Whenever an image turns up, omit it and return the remaining data exactly.

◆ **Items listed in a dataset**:
• • • •

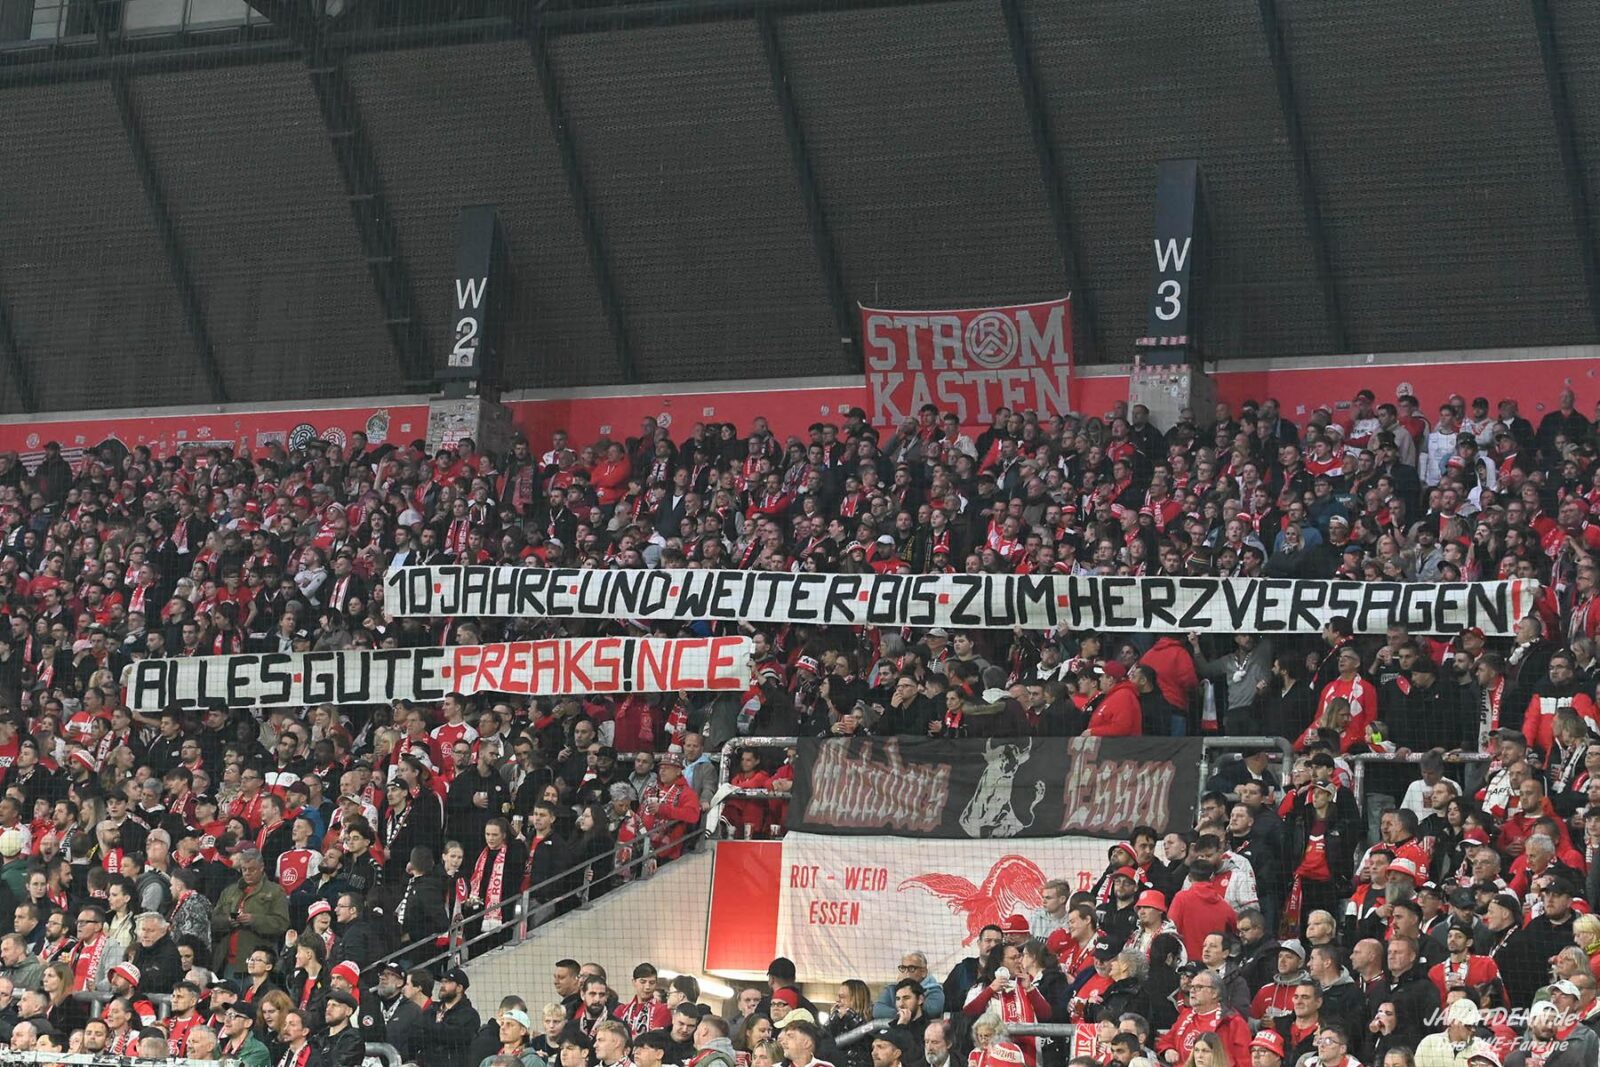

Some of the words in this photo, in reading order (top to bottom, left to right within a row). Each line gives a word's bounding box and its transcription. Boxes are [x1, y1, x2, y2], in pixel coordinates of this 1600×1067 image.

[1154, 237, 1191, 272] W
[456, 277, 487, 309] W
[1155, 280, 1181, 321] 3
[453, 317, 478, 354] 2
[869, 366, 1070, 427] KASTEN
[438, 566, 579, 615] JAHRE
[578, 570, 671, 616] UND
[675, 571, 862, 622] WEITER
[950, 575, 1057, 626] ZUM
[134, 654, 292, 710] ALLES
[302, 648, 445, 704] GUTE
[1062, 736, 1175, 830] Essen
[790, 864, 820, 889] ROT
[809, 901, 860, 926] ESSEN
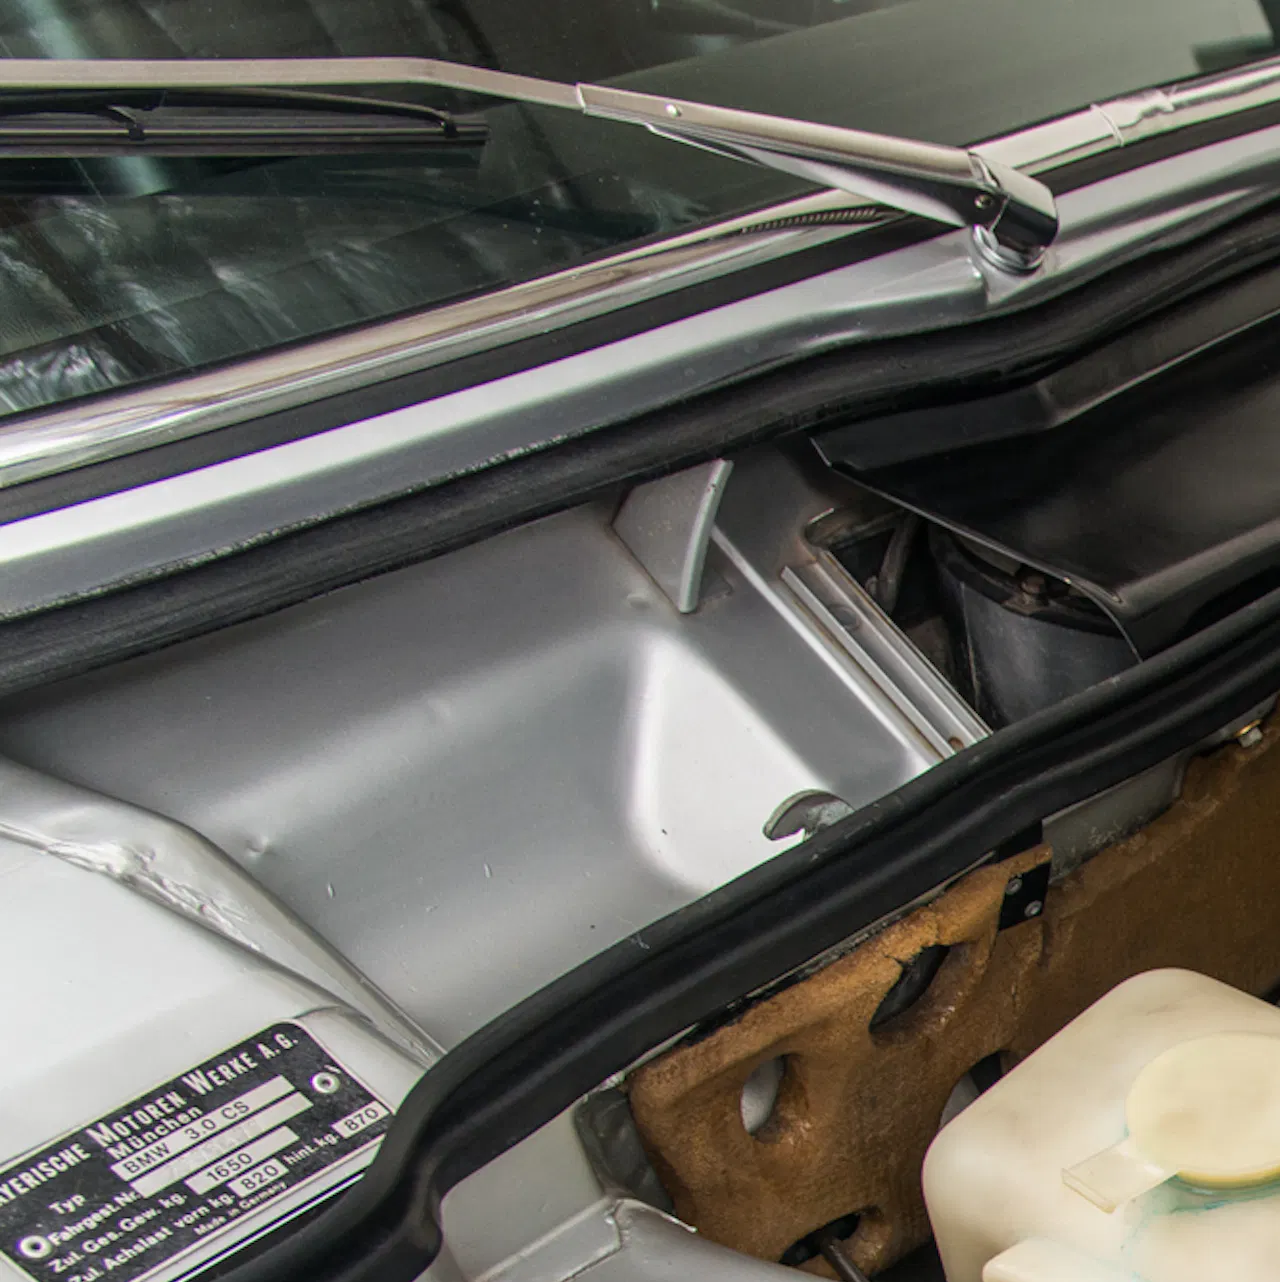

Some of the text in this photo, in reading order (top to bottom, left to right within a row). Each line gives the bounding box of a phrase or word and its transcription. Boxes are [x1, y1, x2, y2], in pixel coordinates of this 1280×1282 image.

[86, 1091, 187, 1148] MOTOREN
[182, 1052, 258, 1096] WERKE
[257, 1033, 299, 1060] A.G.
[106, 1105, 203, 1161] München
[48, 1100, 250, 1215] Typ BMW 3.0 CS
[49, 1251, 85, 1273] Zul.
[159, 1191, 188, 1210] kg.
[206, 1153, 253, 1182] 1650
[103, 1226, 173, 1271] Achslast
[174, 1206, 210, 1229] vorn
[208, 1192, 236, 1210] kg.
[241, 1165, 280, 1190] 820
[344, 1107, 379, 1132] 870

• • • •

◆ **Task solution**:
Some of the words in this photo, in reading order (top to bottom, left to right within a row). Each line gives a word's bounding box and its transcription. Boxes are [x1, y1, x2, y2], in pixel coordinates of this 1600×1067 image.

[1154, 237, 1191, 272] W
[456, 277, 487, 309] W
[1155, 280, 1181, 321] 3
[453, 317, 478, 354] 2
[869, 366, 1070, 427] KASTEN
[438, 566, 579, 615] JAHRE
[578, 570, 671, 616] UND
[675, 571, 862, 622] WEITER
[950, 575, 1057, 626] ZUM
[134, 654, 292, 710] ALLES
[302, 648, 445, 704] GUTE
[1062, 736, 1175, 830] Essen
[790, 864, 820, 889] ROT
[809, 901, 860, 926] ESSEN

Some of the text in this photo, in reading order (top to bottom, left to right within a row). Each line gives the bounding box of a phrase or word and its transcription. Boxes are [x1, y1, x2, y2], in pixel coordinates of this 1280×1282 image.

[86, 1091, 187, 1148] MOTOREN
[182, 1052, 258, 1096] WERKE
[257, 1033, 299, 1060] A.G.
[106, 1105, 203, 1161] München
[48, 1100, 250, 1215] Typ BMW 3.0 CS
[49, 1251, 85, 1273] Zul.
[159, 1191, 188, 1210] kg.
[206, 1153, 253, 1182] 1650
[103, 1226, 173, 1271] Achslast
[174, 1206, 210, 1229] vorn
[208, 1192, 236, 1210] kg.
[241, 1165, 280, 1190] 820
[344, 1107, 379, 1132] 870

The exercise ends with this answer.